The core idea revolves around the mathematical form of a bilinear layer: $MLP_{Bilinear}(x) = (W_1 x) \odot (W_2 x)$ , where $W_1$ and $W_2$ are weight matrices and $\odot$ denotes elementwise multiplication. Standard MLPs use an elementwise non-linear activation function like ReLU or GeLU, $MLP_{ReLU}(x) = \sigma(W x)$ , which makes formal analysis difficult. Bilinear layers, while still nonlinear functions of the input $x$ , have a structure that can be expressed using only linear operations and a third-order tensor.

Specifically, the paper shows that $(W_1 x) \odot (W_2 x)$ can be written as $x \boldsymbol{\cdot}_{1 2} B \boldsymbol{\cdot}_{2 1} x$ , where $B$ is a third-order tensor with elements $B_{i j k} = W_{1 (i j)} W_{2 (i k)}$ . Here, $\boldsymbol{\cdot}_{jk}$ denotes a tensor inner product that sums over the $j$ -th axis of the first tensor and the $k$ -th axis of the second tensor.
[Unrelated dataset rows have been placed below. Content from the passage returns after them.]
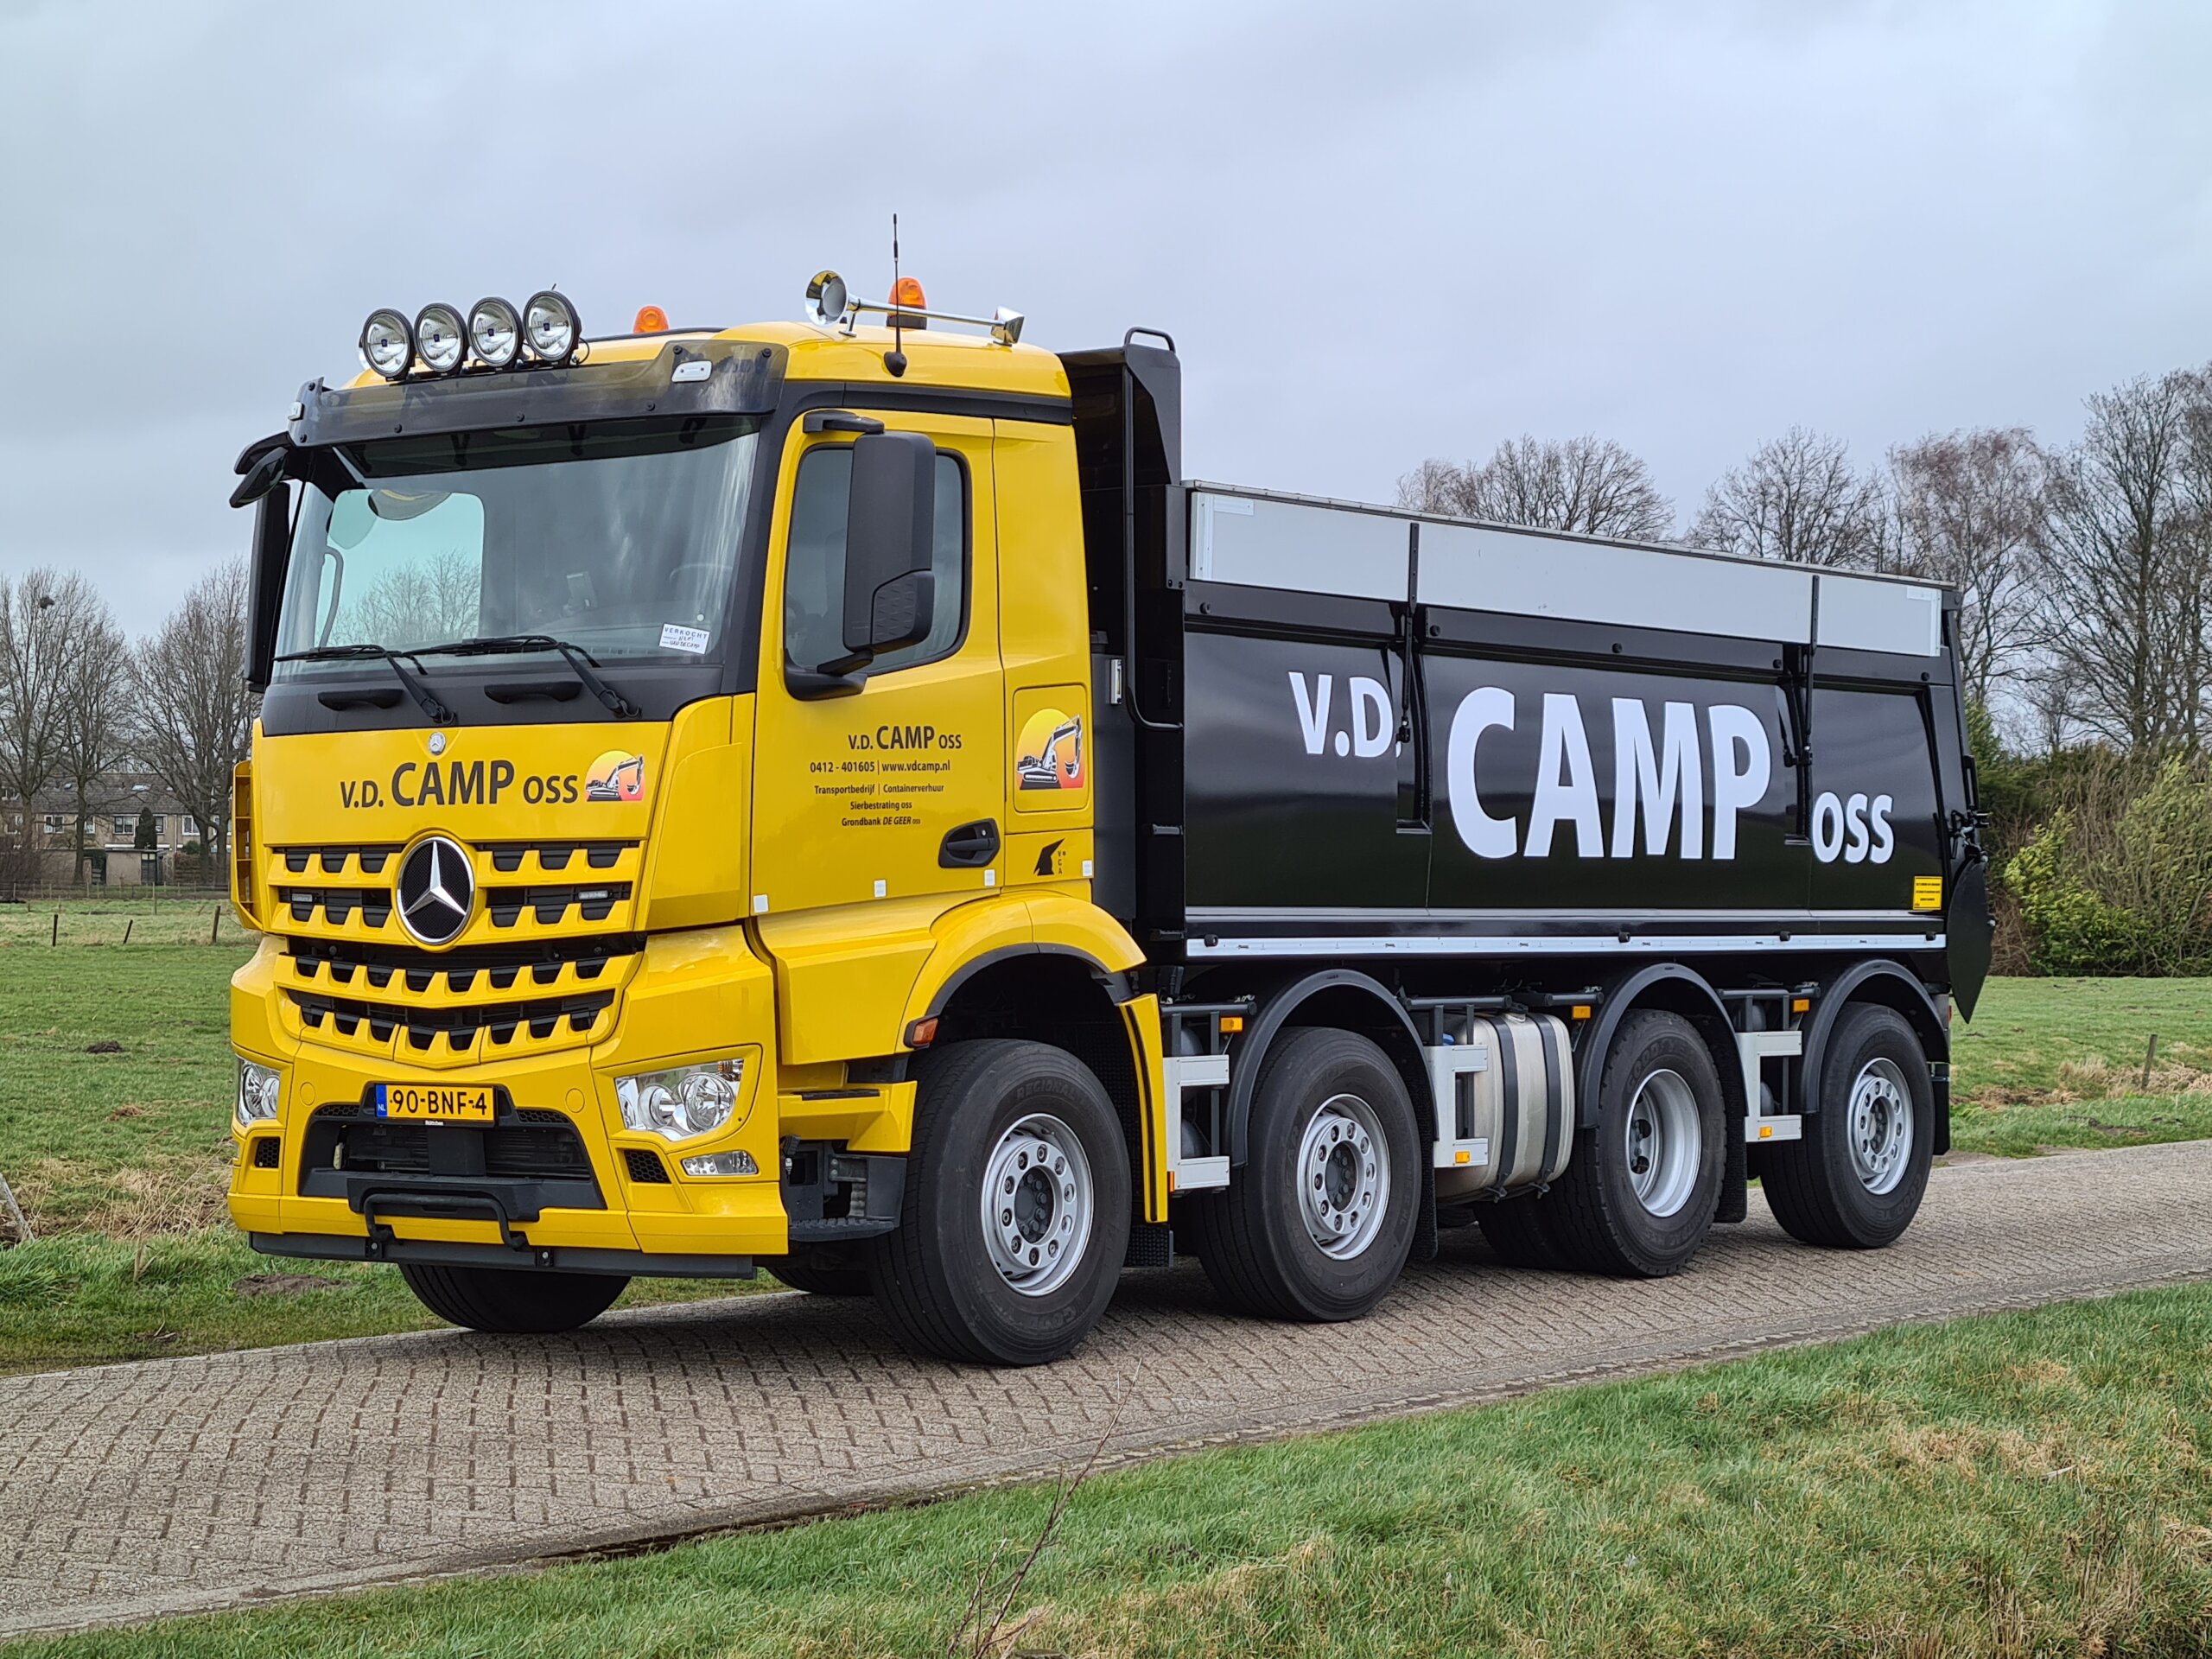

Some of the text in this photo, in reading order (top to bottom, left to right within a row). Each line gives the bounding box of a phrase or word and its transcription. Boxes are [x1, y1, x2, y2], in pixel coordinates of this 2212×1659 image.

[664, 626, 708, 639] VERKOCHT
[848, 734, 874, 750] V.D.
[876, 725, 935, 750] CAMP
[810, 761, 834, 773] 0412
[841, 760, 875, 772] 401605
[881, 759, 950, 774] www.vdcamp.nl
[1446, 686, 1772, 861] CAMP
[340, 780, 384, 808] V.D.
[391, 759, 515, 807] CAMP
[814, 784, 875, 796] Transportbedrijf
[882, 783, 944, 793] Containerverhuur
[850, 800, 899, 811] Sierbestrating
[842, 817, 880, 827] Grondbank
[883, 817, 893, 825] DE
[893, 816, 912, 825] GEER
[392, 1089, 487, 1116] 90-BNF-4
This tensor representation is key because linear operations and tensor algebra are much more amenable to formal analysis than elementwise non-linearities.

Extending the Mathematical Framework for Transformer Circuits

A significant practical implication is that this tensor representation allows integrating MLPs into existing analytical frameworks for transformers, which were previously limited to attention-only models [math_framework]. The paper demonstrates how to incorporate the bilinear layer expression into the path expansion for a one-layer transformer with both attention and MLPs.

The resulting expression for the output of a one-layer transformer $T(t)$ processing a token sequence $t$ involves the standard token embedding and unembedding pathways, attention pathways, and new pathways that explicitly show how information flows through the bilinear MLP. These MLP pathways involve terms like $W_E^\top W_{I_1}^{m \top} \boldsymbol{\cdot}_{1 2} Z \boldsymbol{\cdot}_{ 2 1 } W_{I_2}^{m} W_E$ , where $W_E$ is the embedding matrix, $W_{I_1}^m$ and $W_{I_2}^m$ are the MLP input weights, $Z$ is a specific third-order tensor related to the elementwise product, and $W_O^m$ is the MLP output weight matrix. The full expression reveals how token embeddings, attention heads, and the MLP input weights interact via tensor operations.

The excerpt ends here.